The chapter organizes the discussion around a four-layer taxonomy: corporate governance, national governance, international governance, and compute governance. Each layer operates at a different scope; each has its own mechanisms, its own enforcement instruments, its own characteristic failure modes. The L9 capability is operational: given a real-world governance proposal (an EU AI Act article, a US executive order section, a compute-cap proposal, a corporate Responsible Scaling Policy), situate it inside the taxonomy and defend the placement.

The Phase 0 §6 register applies most strongly here, because the topic invites normative framing more than any other in the track. The lesson presents Hendrycks’ four layers and the mechanisms within them as the chapter develops them; it does not advocate for any specific governance proposal or framework. Claims are attributed; the reader does the value-loading.

The four-layer taxonomy

Each layer in the taxonomy is the answer to a different question.

Corporate governance answers: what does an individual organization building AI commit to, how does it commit, who internally enforces the commitment?
National governance answers: what does a sovereign jurisdiction require of AI organizations operating inside its borders, through what regulatory instruments, with what enforcement teeth?
International governance answers: how do sovereign jurisdictions coordinate when AI risks cross borders and unilateral action is insufficient?
Compute governance answers: how does the supply chain for the physical resource AI development depends on (chips, data centers, electricity) get governed?

The layers are not strictly hierarchical. A corporate policy commitment can be stronger or weaker than the national regulation that nominally constrains it; international coordination can outrun what any individual nation has enacted; compute governance cuts across all three because the chip-and-datacenter supply chain involves corporate operators, national-jurisdiction enforcement, and international supply-chain dependencies. The taxonomy is operationally useful precisely because real proposals usually involve multiple layers, and naming the layers makes the multi-layer structure visible.

Corporate governance (Ch 8.4)

The first layer of governance is what AI organizations commit to themselves and what their internal structures enforce. The current state of the practice includes several recognizable mechanisms.

Responsible Scaling Policies (RSPs) and analogous corporate commitments are the most-visible recent development. The general shape: the organization commits to specific safety measures (capability evaluations, red-teaming, deployment thresholds, kill-switch protocols) that scale with model capability.
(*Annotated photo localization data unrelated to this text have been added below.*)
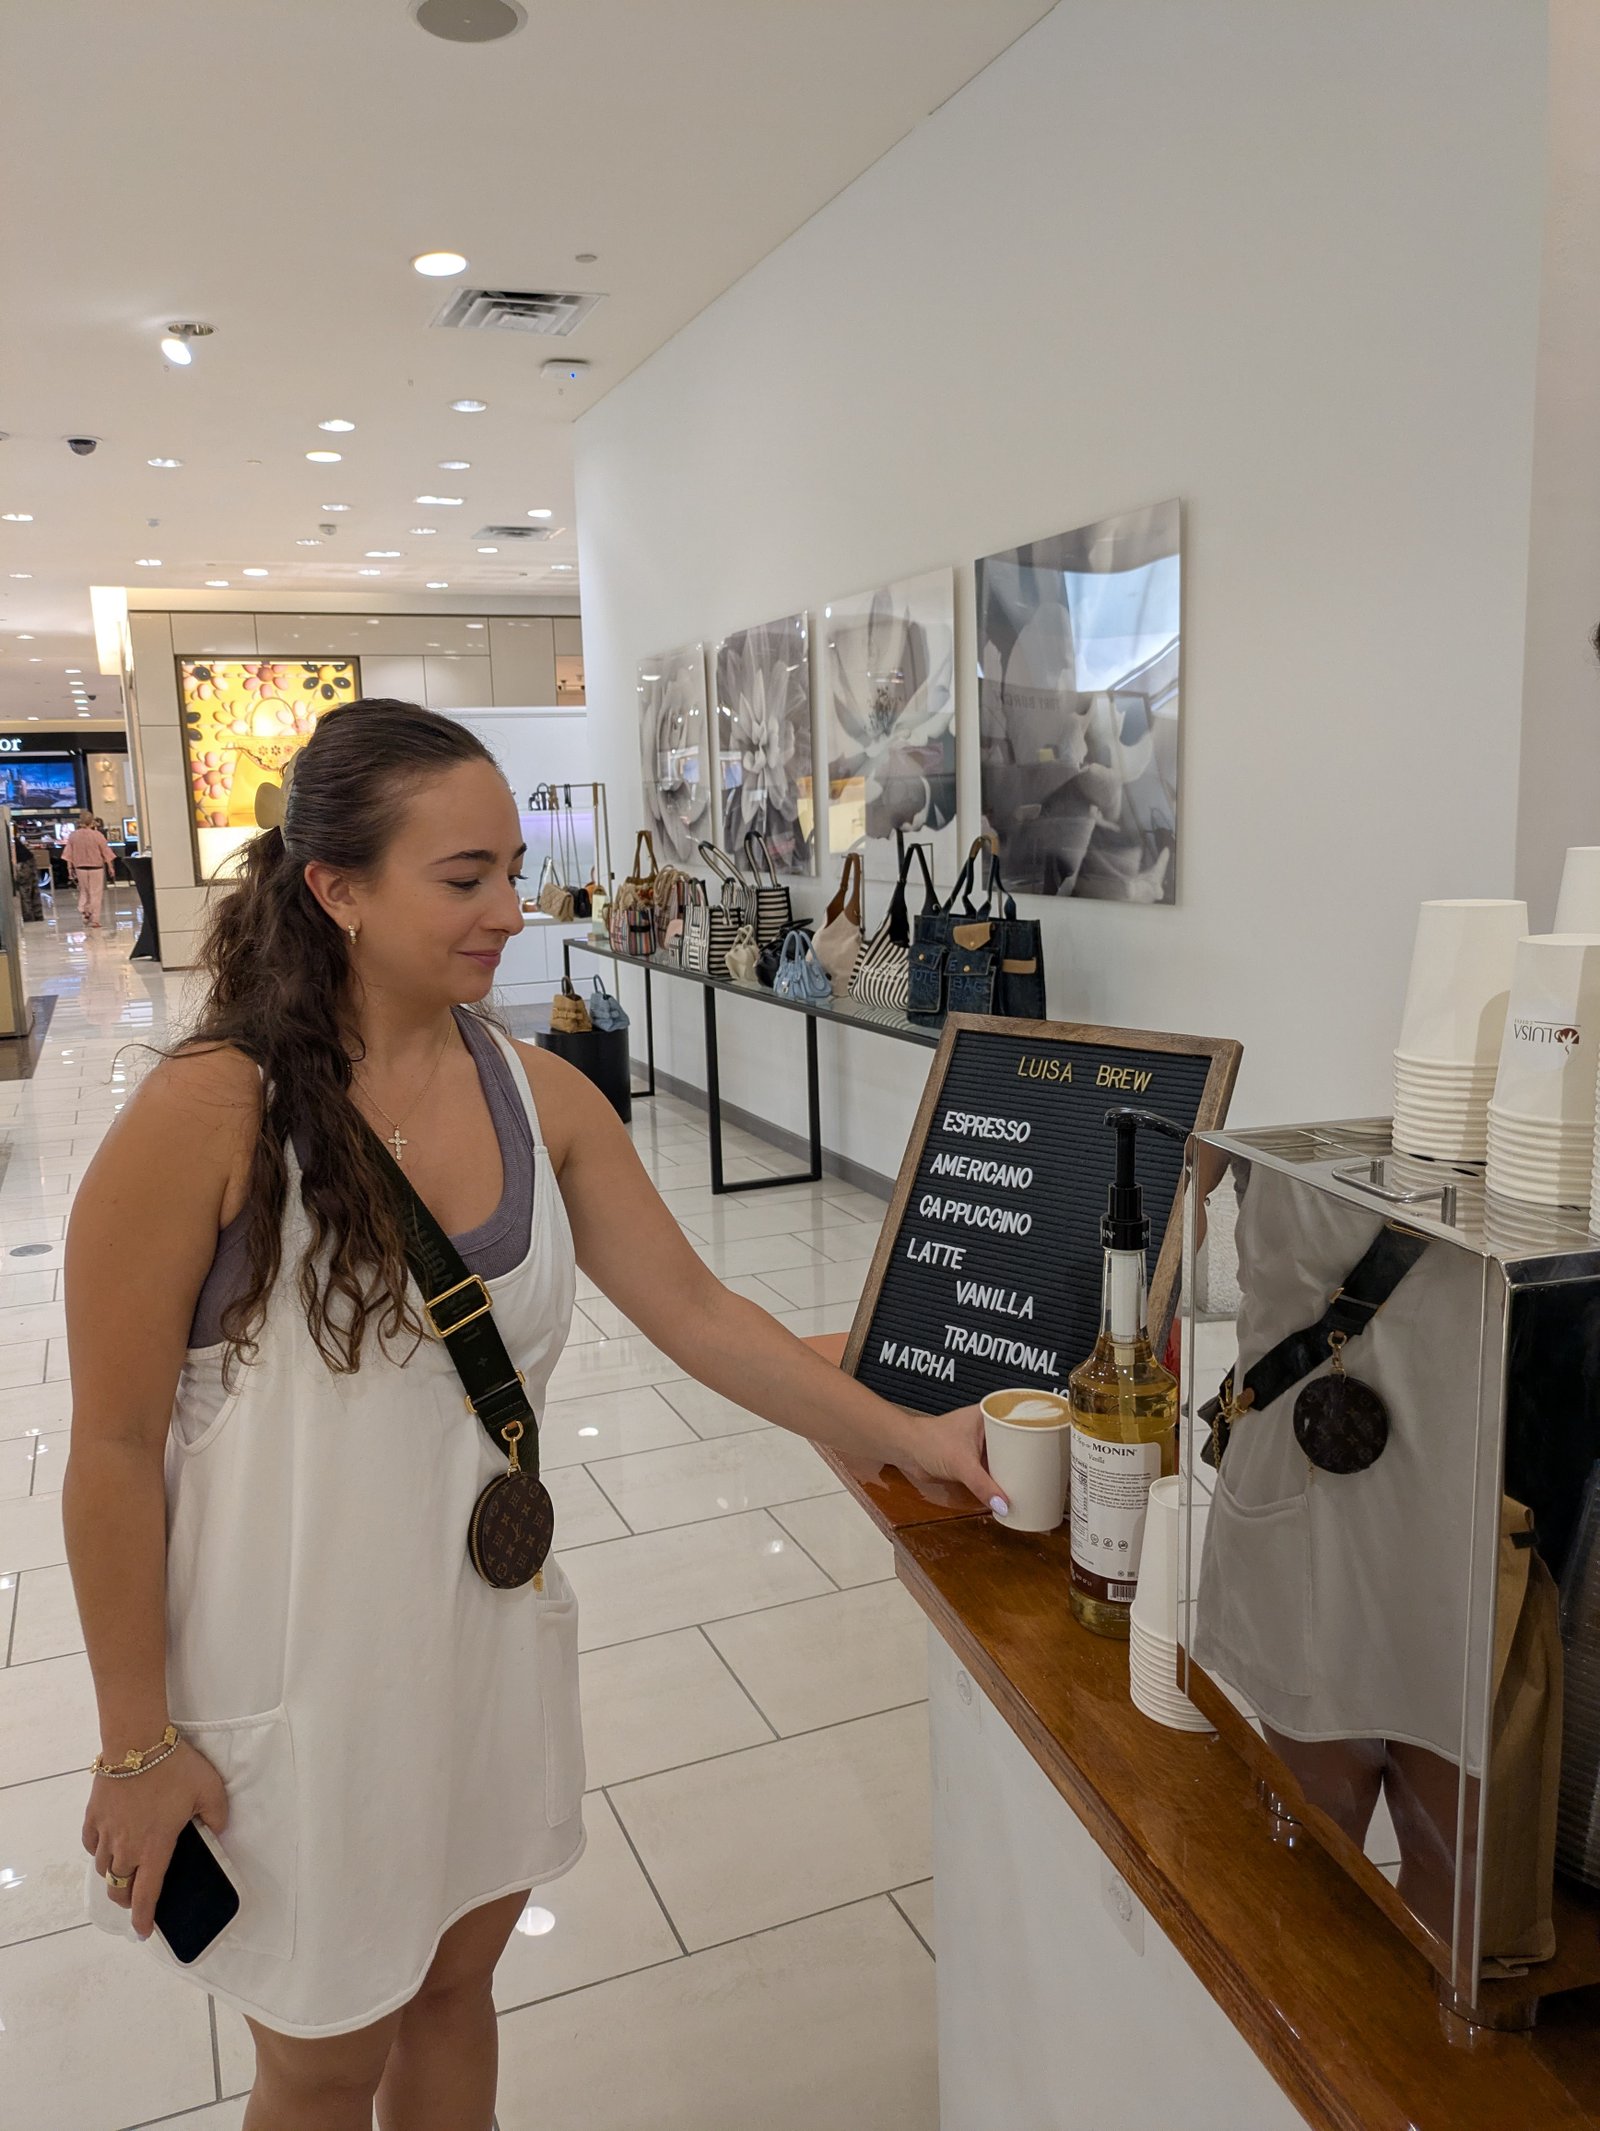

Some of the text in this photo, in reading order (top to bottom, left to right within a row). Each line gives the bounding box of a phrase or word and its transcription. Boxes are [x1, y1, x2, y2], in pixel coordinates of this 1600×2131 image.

[1513, 1024, 1552, 1044] LUISA
[1017, 1056, 1153, 1094] LUISA BREW
[942, 1110, 1031, 1143] ESPRESSO
[929, 1153, 1033, 1190] AMERICANO
[919, 1194, 1032, 1236] CAPPUCCINO
[906, 1237, 967, 1270] LATTE
[956, 1280, 1034, 1320] VANILLA
[878, 1341, 955, 1383] MATCHA
[943, 1324, 1060, 1377] TRADITIONAL
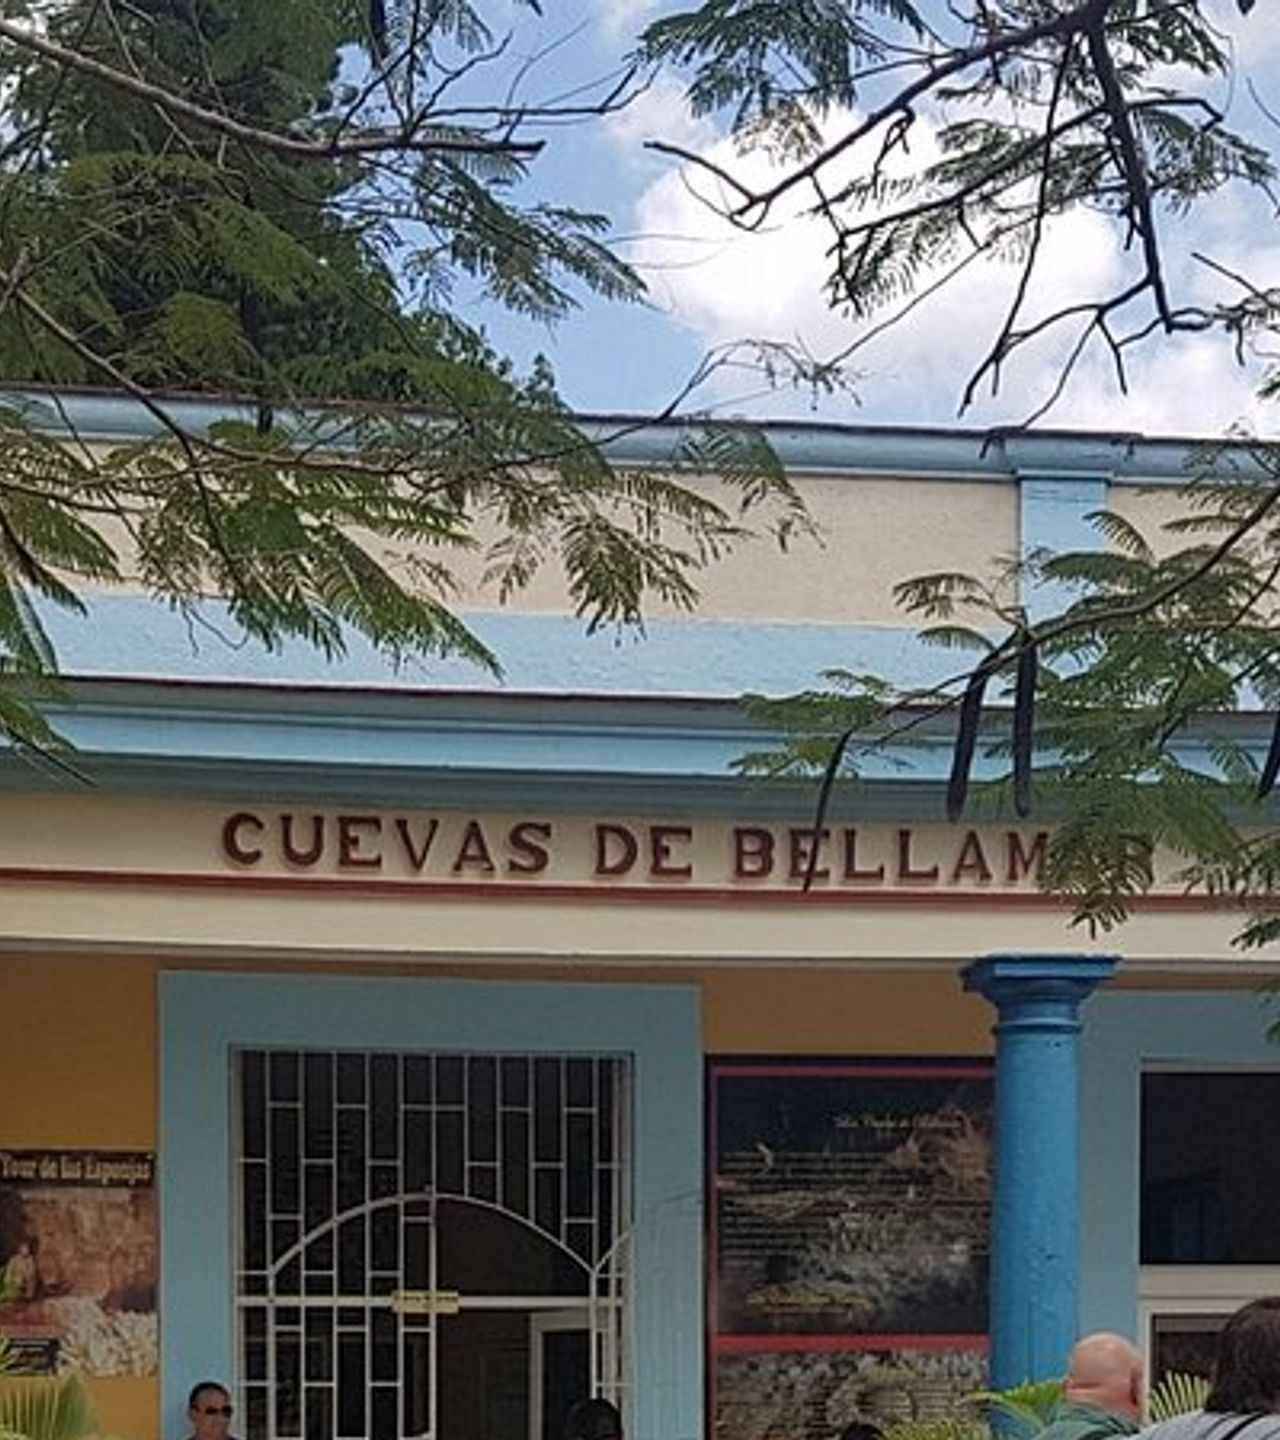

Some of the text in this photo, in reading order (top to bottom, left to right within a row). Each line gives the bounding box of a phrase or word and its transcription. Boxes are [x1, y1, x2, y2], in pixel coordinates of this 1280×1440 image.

[222, 810, 1154, 884] CUEVAS DE BELLAMR
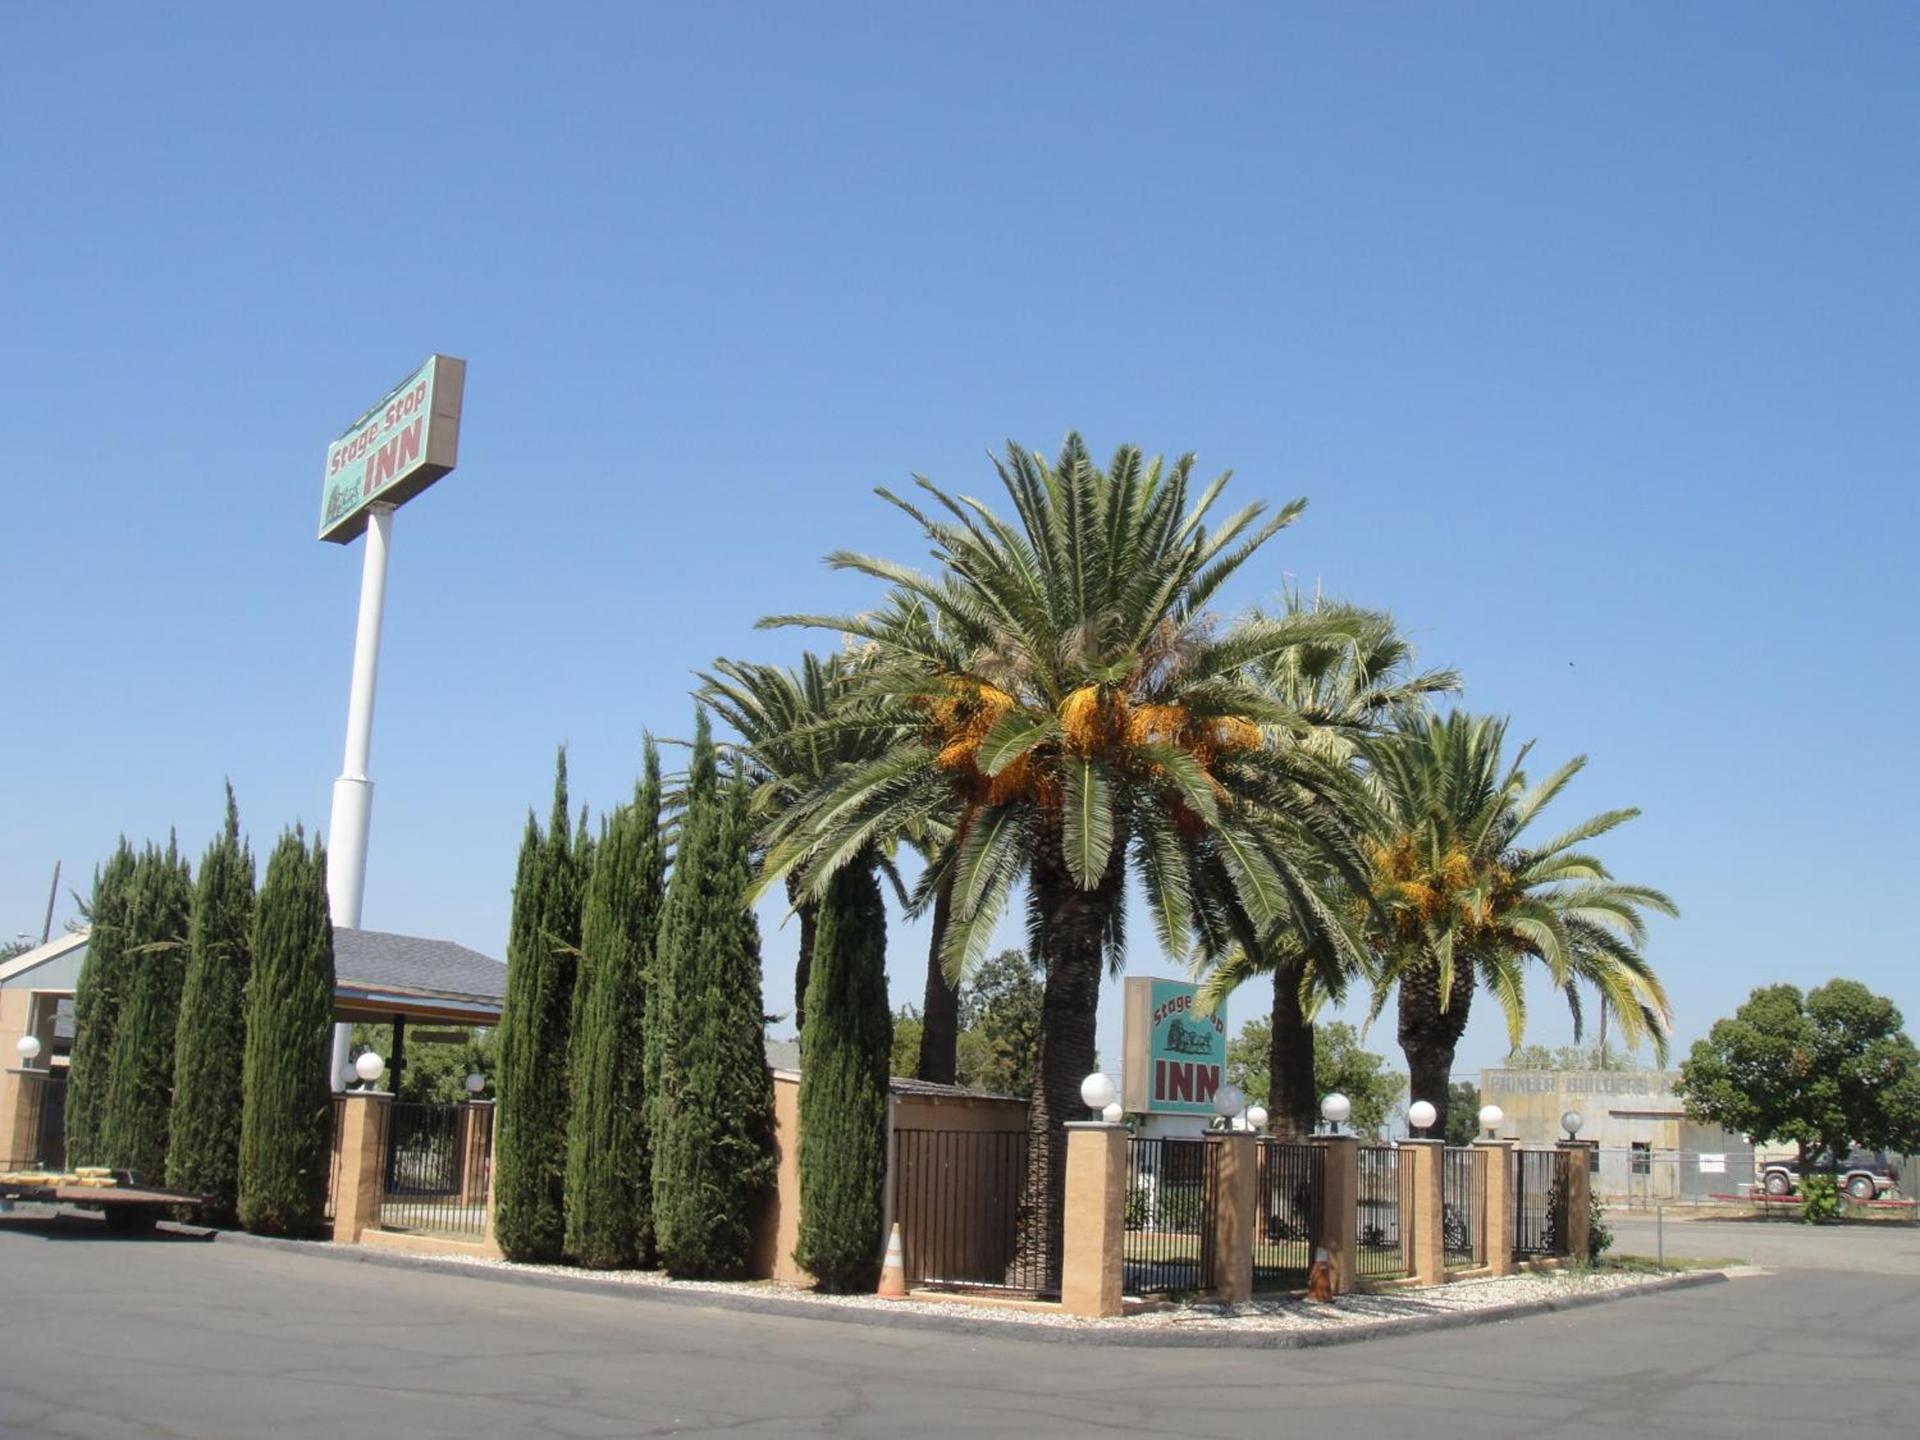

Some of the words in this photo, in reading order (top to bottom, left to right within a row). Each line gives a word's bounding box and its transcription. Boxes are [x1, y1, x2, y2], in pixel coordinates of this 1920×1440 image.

The organization publishes the policy; deviations from the policy are visible to external observers; the policy is supposed to bind the organization in the same way a public commitment binds any actor whose reputation depends on honoring it.

Internal safety teams and board oversight. Many AI organizations have established internal safety, alignment, or responsible-AI teams; some have established board-level committees with explicit safety mandates. The mechanism is organizational: certain decisions are routed through the safety function before deployment; the safety function has authority (in principle) to block deployment.

Model cards and capability disclosures. Public artifacts that document what a deployed model can do, what it was trained on, what failure modes have been catalogued. The transparency principle from L5’s safe-design list operationalized for AI deployment.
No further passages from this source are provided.